Dataset excerpts START

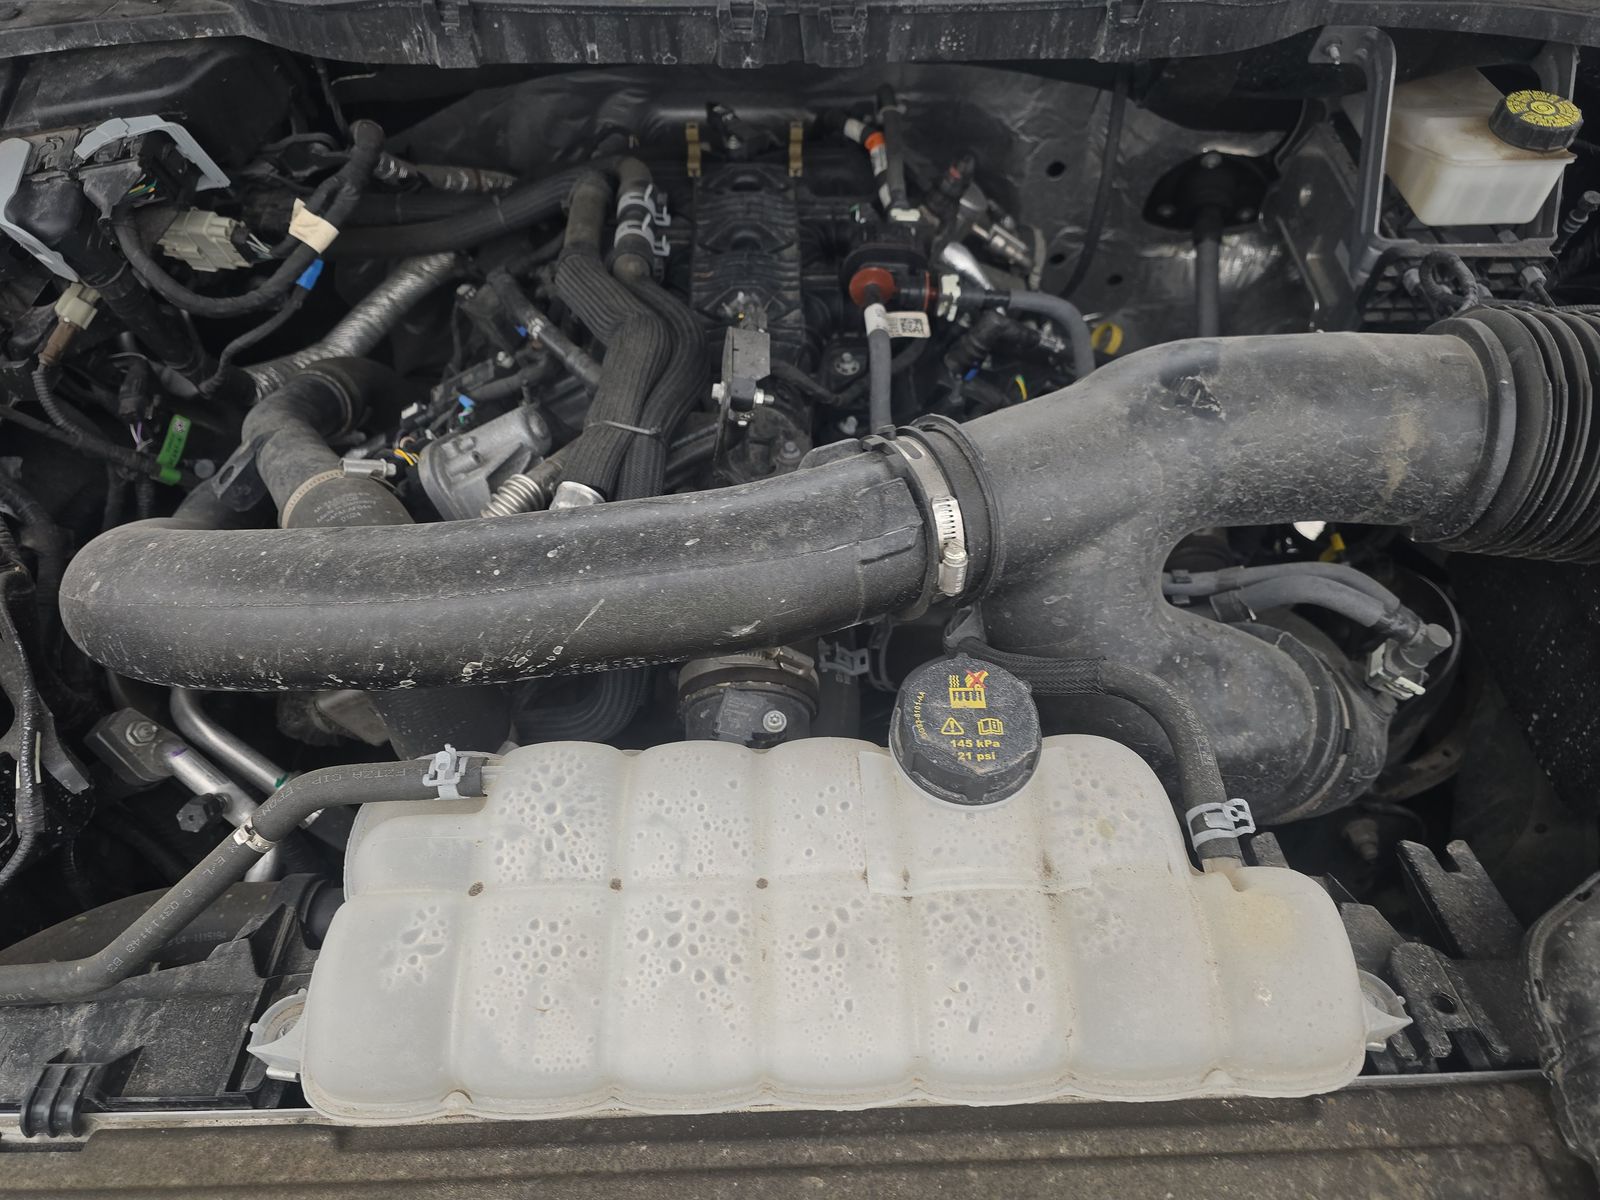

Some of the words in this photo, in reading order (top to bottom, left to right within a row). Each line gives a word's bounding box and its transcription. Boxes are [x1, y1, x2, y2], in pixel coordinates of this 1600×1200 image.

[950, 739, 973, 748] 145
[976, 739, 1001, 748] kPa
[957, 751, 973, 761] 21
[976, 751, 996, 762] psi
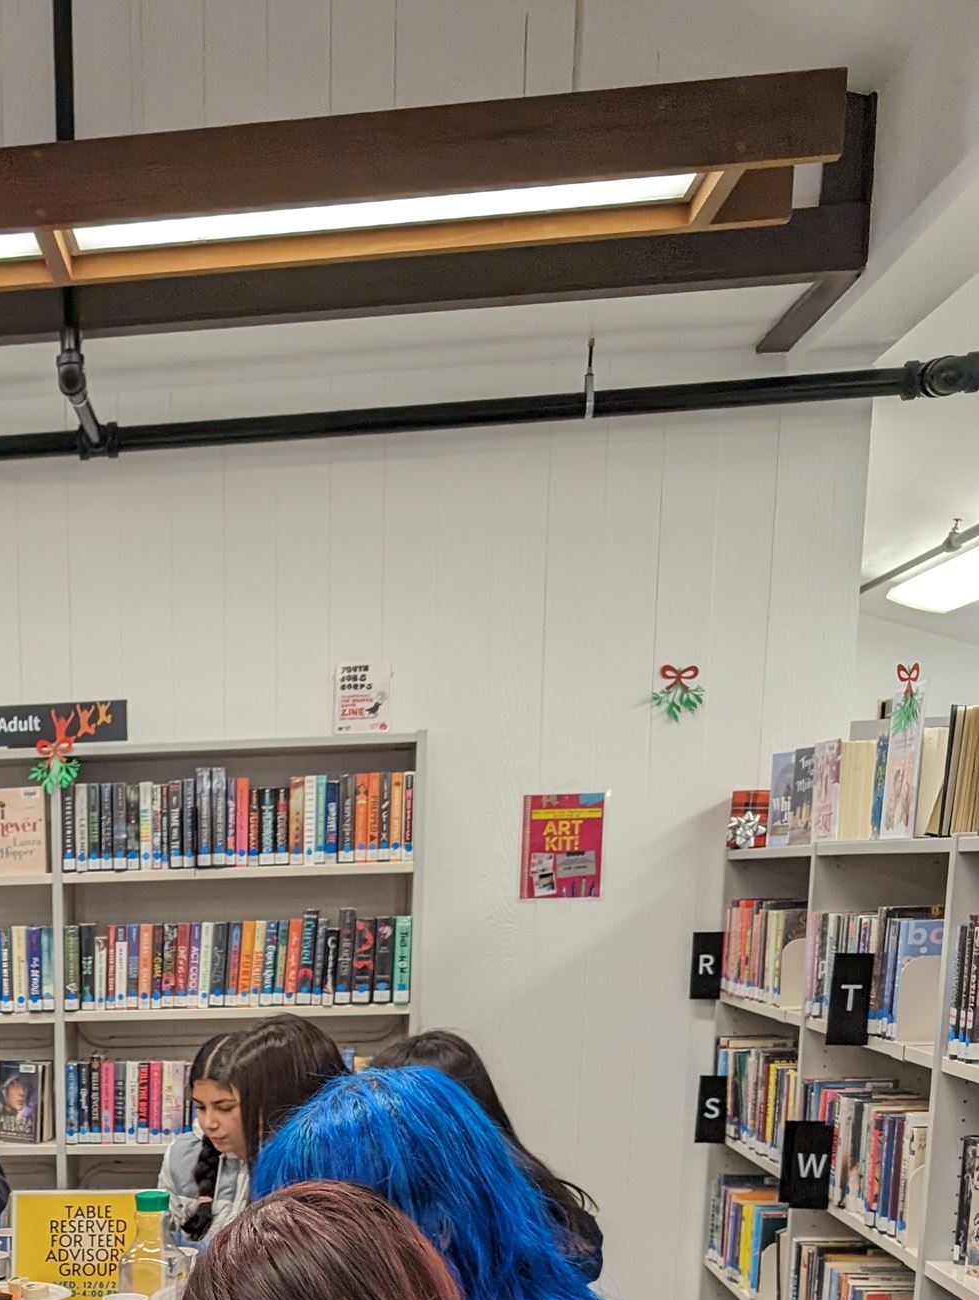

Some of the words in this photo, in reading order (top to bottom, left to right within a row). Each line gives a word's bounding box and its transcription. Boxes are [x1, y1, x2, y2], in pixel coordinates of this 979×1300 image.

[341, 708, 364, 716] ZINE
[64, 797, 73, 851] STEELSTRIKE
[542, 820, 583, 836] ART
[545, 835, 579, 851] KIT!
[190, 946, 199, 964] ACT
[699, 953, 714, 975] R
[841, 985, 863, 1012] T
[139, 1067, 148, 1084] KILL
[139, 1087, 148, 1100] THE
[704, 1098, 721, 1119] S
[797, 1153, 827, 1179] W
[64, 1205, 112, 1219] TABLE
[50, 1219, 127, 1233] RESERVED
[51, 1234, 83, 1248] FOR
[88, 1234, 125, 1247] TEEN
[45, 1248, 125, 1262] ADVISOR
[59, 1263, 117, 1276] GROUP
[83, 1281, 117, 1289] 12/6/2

Dataset excerpts END

Your assignment: What you return must match each record exactly and contain no images.

Finished exercise:
Some of the words in this photo, in reading order (top to bottom, left to right within a row). Each line gives a word's bounding box and its transcription. Boxes are [x1, y1, x2, y2], in pixel coordinates of this 1600×1200 image.

[950, 739, 973, 748] 145
[976, 739, 1001, 748] kPa
[957, 751, 973, 761] 21
[976, 751, 996, 762] psi

Some of the words in this photo, in reading order (top to bottom, left to right within a row). Each line gives a word's bounding box and its transcription. Boxes are [x1, y1, x2, y2], in pixel coordinates of this 979×1300 image.

[341, 708, 364, 716] ZINE
[64, 797, 73, 851] STEELSTRIKE
[542, 820, 583, 836] ART
[545, 835, 579, 851] KIT!
[190, 946, 199, 964] ACT
[699, 953, 714, 975] R
[841, 985, 863, 1012] T
[139, 1067, 148, 1084] KILL
[139, 1087, 148, 1100] THE
[704, 1098, 721, 1119] S
[797, 1153, 827, 1179] W
[64, 1205, 112, 1219] TABLE
[50, 1219, 127, 1233] RESERVED
[51, 1234, 83, 1248] FOR
[88, 1234, 125, 1247] TEEN
[45, 1248, 125, 1262] ADVISOR
[59, 1263, 117, 1276] GROUP
[83, 1281, 117, 1289] 12/6/2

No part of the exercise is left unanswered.